Posted by: libertarianobserver on April 21, 2006 09:52 AM
4. Because Washington is Moonbat Ground Zero. There's more diversity of opinion in New York and San Francisco than in Seattle. I know, I've live in both.

Moonbats like Goldstein view their progressive entitlement mentality as birthright. Once he migrated here, Goldstein knew he had found his Moonbat brethren.

Vote fraud is welcome here by most leaders. Look at how vigrously they all defended the Larry Phillips ballots in 2004. And everyone from Reed to Maleng that could even examine the problem knows that they are barely tolerated by the Moonbat establishment and only keep their jobs for their willingness to look the other way.


Posted by: Jeff B. on April 21, 2006 09:56 AM
5. Now, now Stefan...

You know we can't make fun of judge Bridges...hell, we hand-picked him in a republican dominated county so that the truth would come out.

Just because you don't like the truth, you can't just go around making fun of everyone associated with a decision you don't like.

That type of mentality will make you look like a childish buffoon...and we wouldn't want that!

Posted by: rossi too on April 21, 2006 10:26 AM
6. Yet another place that has fair and honest elections.
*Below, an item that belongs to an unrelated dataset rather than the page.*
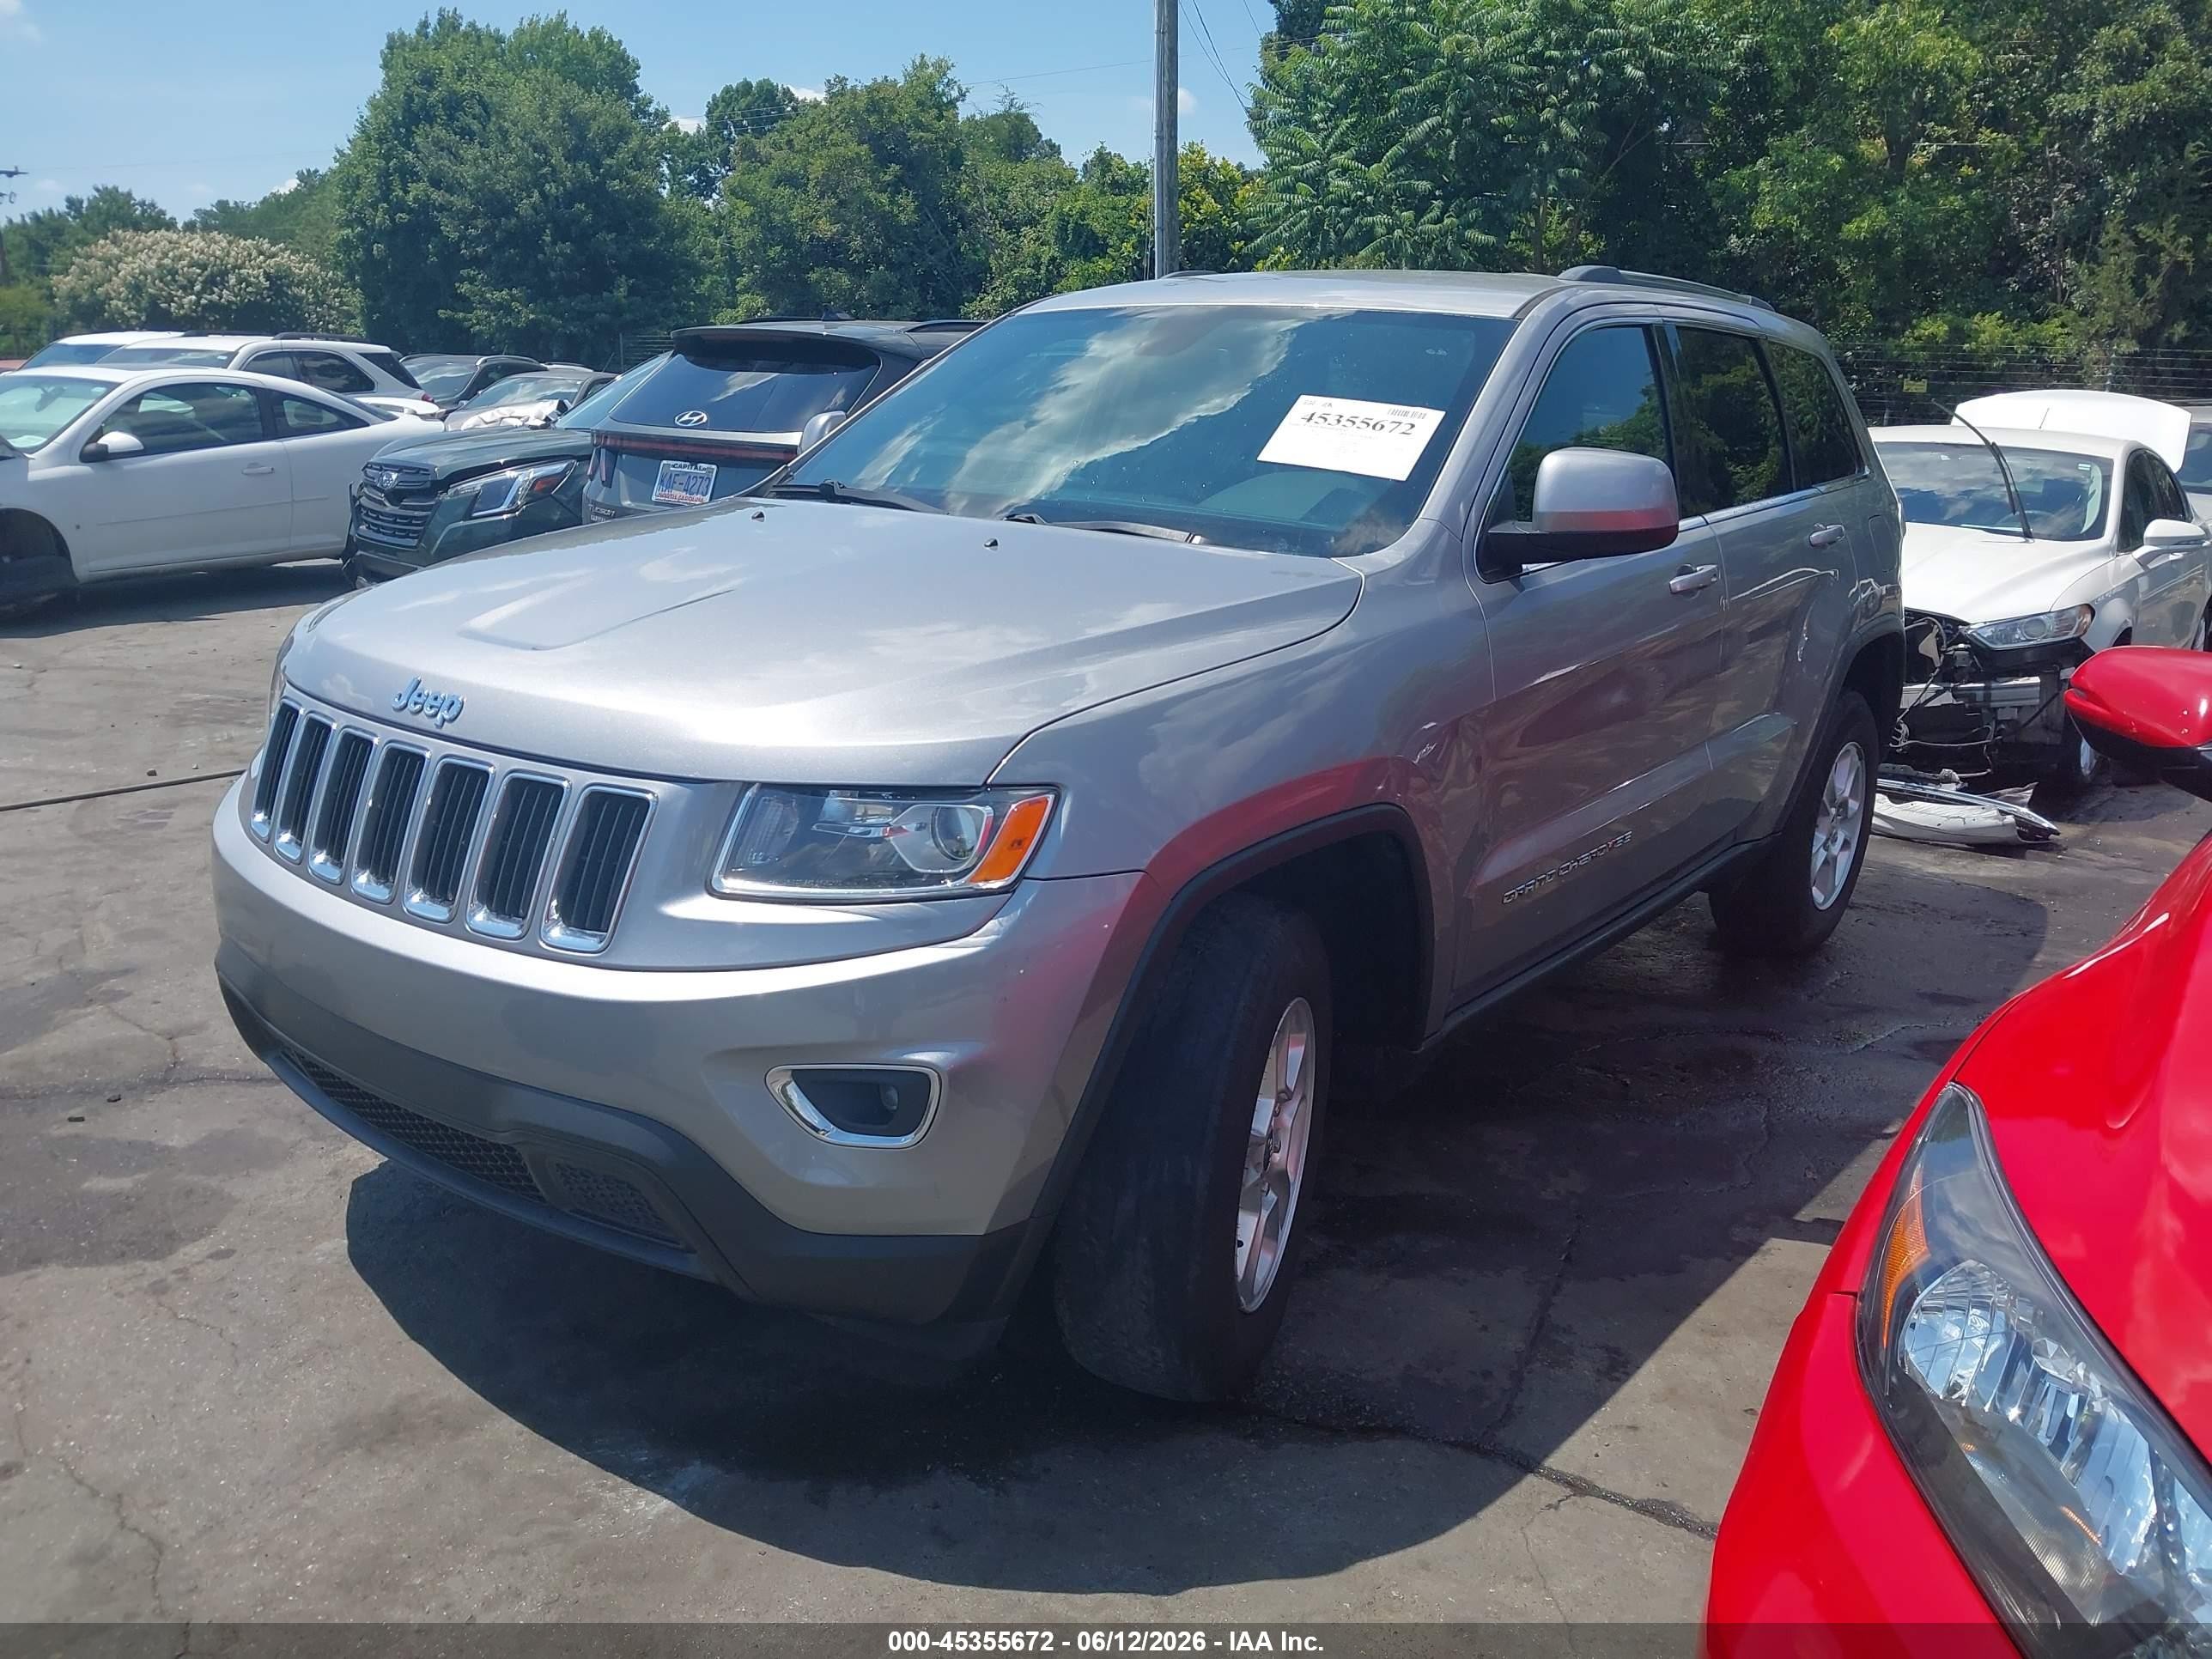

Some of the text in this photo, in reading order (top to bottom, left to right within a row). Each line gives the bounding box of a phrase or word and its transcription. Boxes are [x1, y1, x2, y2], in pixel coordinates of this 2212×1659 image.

When will Washington get fair and honest elections??

Posted by: pbj on April 21, 2006 10:31 AM
7. I guess those poor Hillbillies in Tennessee do not know how to count!!!

Posted by: Pacific Grove Phlash on April 21, 2006 10:52 AM
8. I don't know; why DOES it seem that WA doesn't care about election fraud?? KC has been outed by this blog for it, that is a start. Which is more than has been done in the past. It is a small bit of progress. We can hope for more. But it needs to be SO much better!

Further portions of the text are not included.